How to be an idiot at coding part infinite + 1

Use range headers to ensure not downloading complete response, when only needing a small amount of bytes.

We had some code read partial responses from a server. This code was tested thoroughly and worked as intended. We got the amount of bytes we needed from the head of a file, and then were able to parse that data as a binary blob.

However; when we put this into production - containers started crashing randomly.

Or rather the code has been in production for years without a crash, but now we were utilizing this code path many times an hour instead of a couple of times per day.

The culprit was hard to find - but it all releates to how ruby works, how networking works, and how I though it worked more like in c.

The old code did something like this:

    bytes = nil

    uri = URI(url)
    begin
      http = Net::HTTP.new(uri.host, uri.port)
      if url.start_with?('https')
        http.use_ssl = true
        http.verify_mode = OpenSSL::SSL::VERIFY_NONE
      end
      http.start do |h|
        request = Net::HTTP::Get.new(uri.request_uri)
        h.request(request) do |response|
          bytes = response.socket.read(count)
        end
      end
    rescue IOError => e
      # ignore
    end

    bytes

and the new code does something far more simple; uses the range header

    headers = {'Range' => "bytes=0-#{limit}"}
    uri = URI(url)
    response = Net::HTTP.get_response(uri, headers)

The former code retrieved the complete file response from the server, and then read the amount of bytes into a variable; the latter only requests the bytes from the server that is needed.

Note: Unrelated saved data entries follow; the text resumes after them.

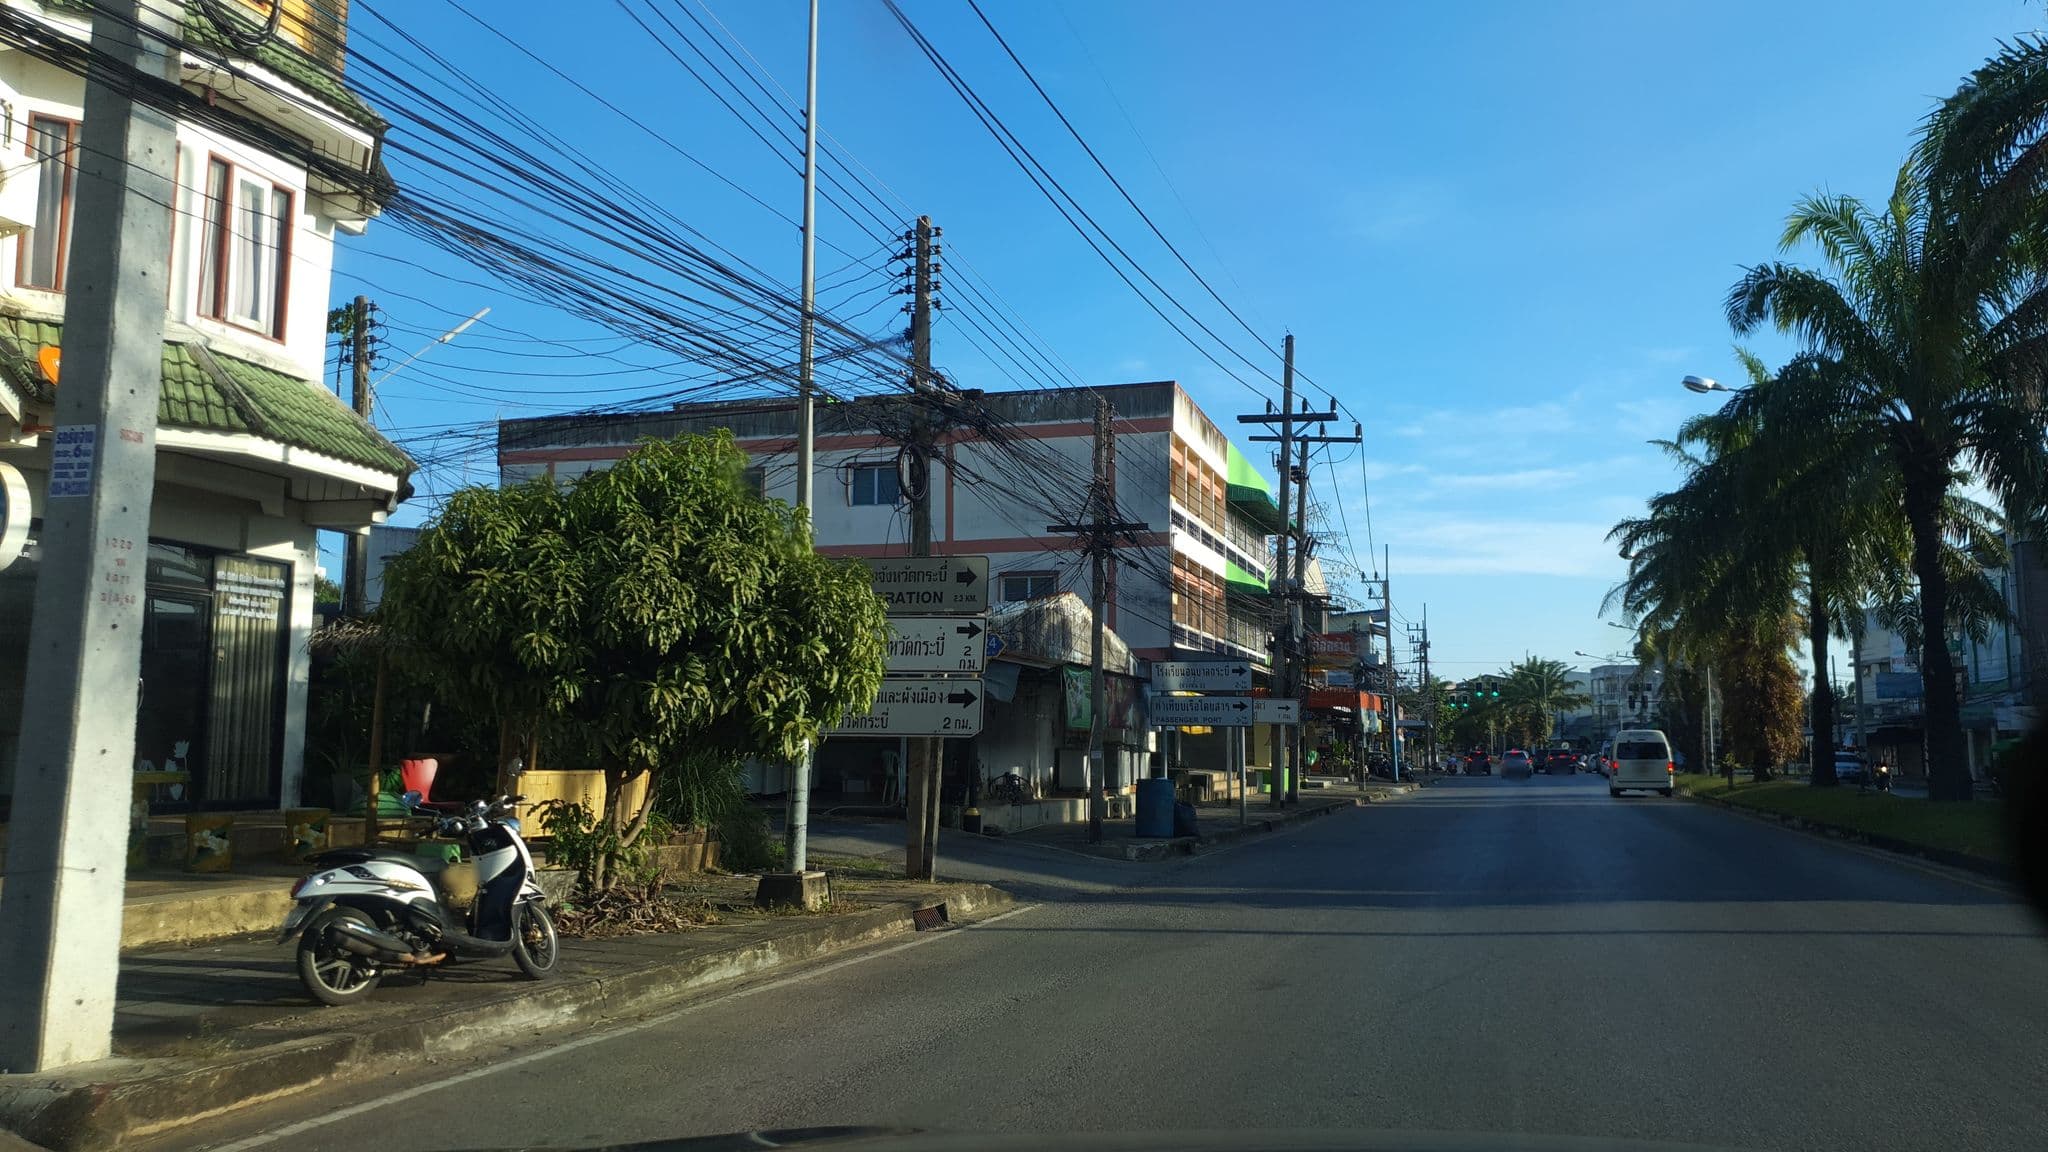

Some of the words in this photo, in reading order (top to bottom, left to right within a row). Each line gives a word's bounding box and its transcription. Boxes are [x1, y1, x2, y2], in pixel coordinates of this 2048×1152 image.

[877, 591, 944, 604] RATION
[963, 646, 971, 656] 2
[959, 658, 978, 670] กม.
[943, 718, 951, 729] 2
[954, 718, 972, 730] กม.
[1155, 716, 1199, 724] PASSENGER
[1203, 716, 1223, 724] PORT
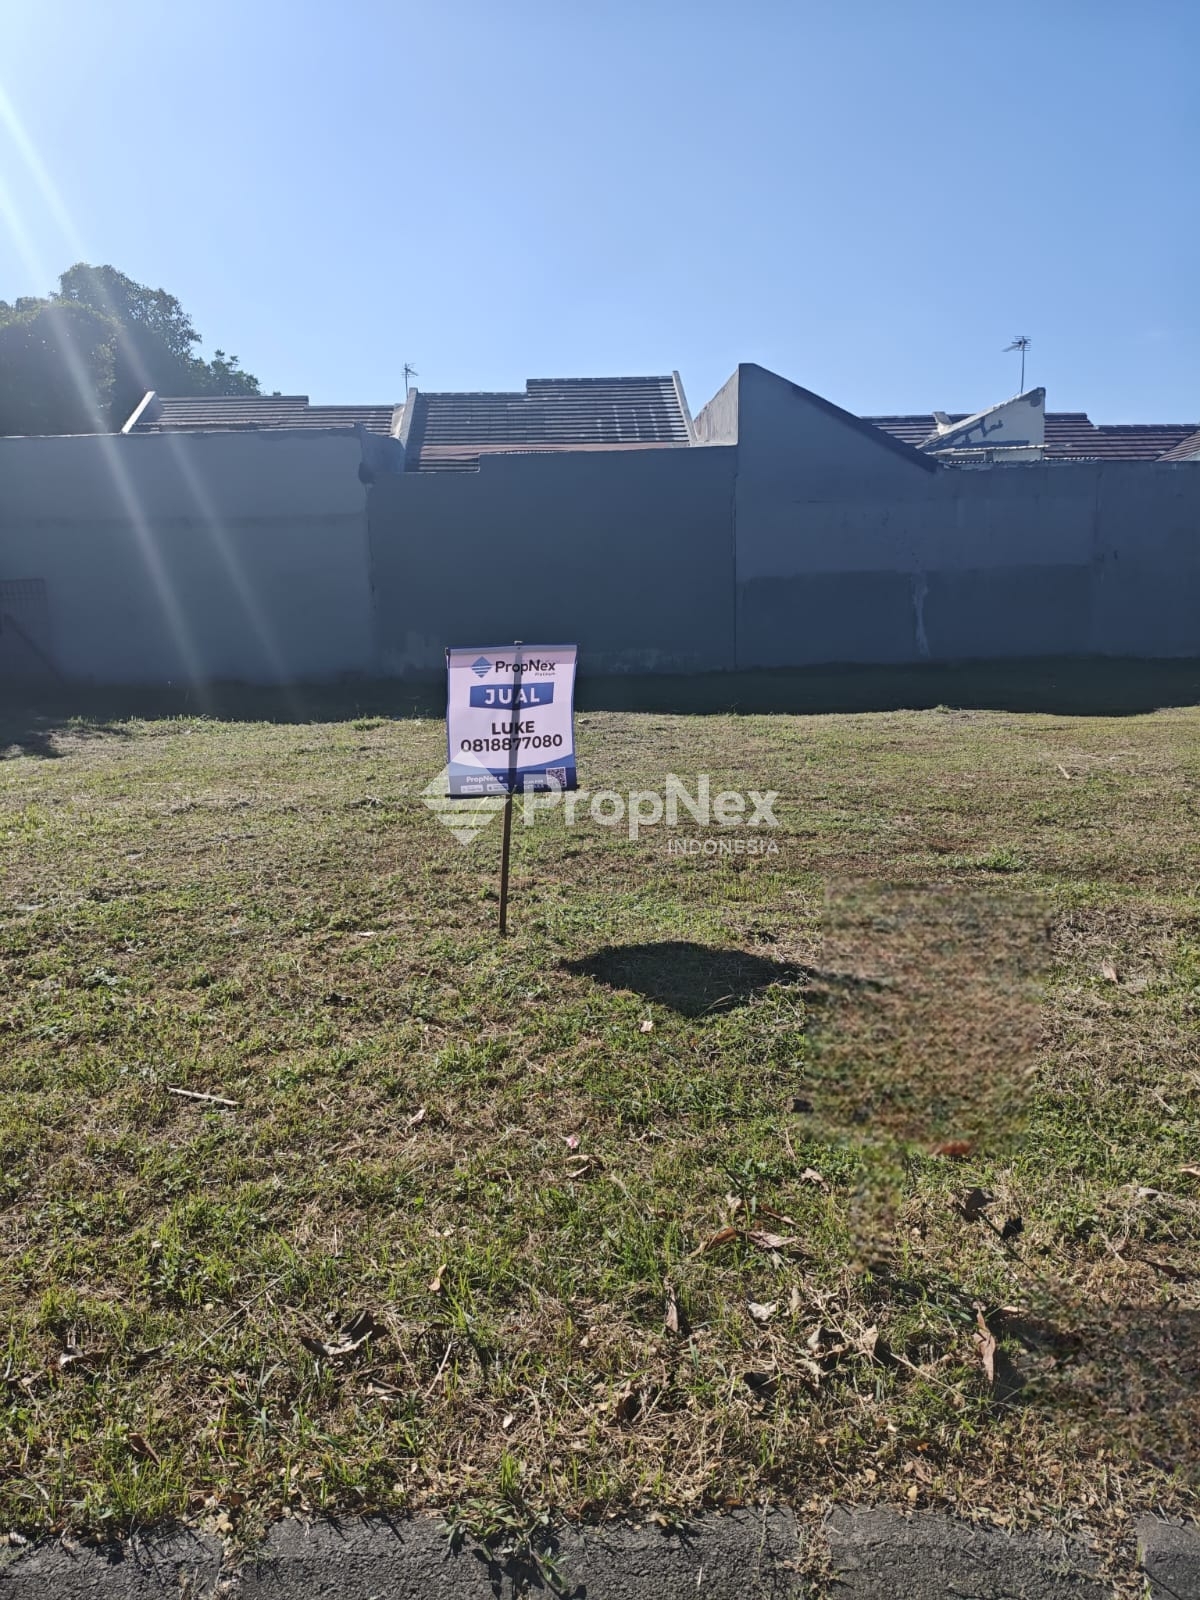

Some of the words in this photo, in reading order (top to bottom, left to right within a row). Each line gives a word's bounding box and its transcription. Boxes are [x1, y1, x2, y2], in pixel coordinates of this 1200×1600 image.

[495, 659, 556, 675] PropNex
[485, 688, 540, 704] JUAL
[491, 720, 535, 735] LUKE
[460, 734, 563, 753] 0818877080
[466, 775, 497, 783] PropNex

For small files the difference is negligible; but the larger the files get the larger the problems becomes. Response times of the former code goes up, memory usage also goes up. And since video files can be more than 100mb in size in our usage; the slow downloads combined with the large memory usage causes the OOMkiller to destroy the container before the process finishes; further re-enqueing the same job - which increases the possibility that multiple jobs of this type gets handled by the same container in "the same time" - further increasing the possibility of the container crashing again.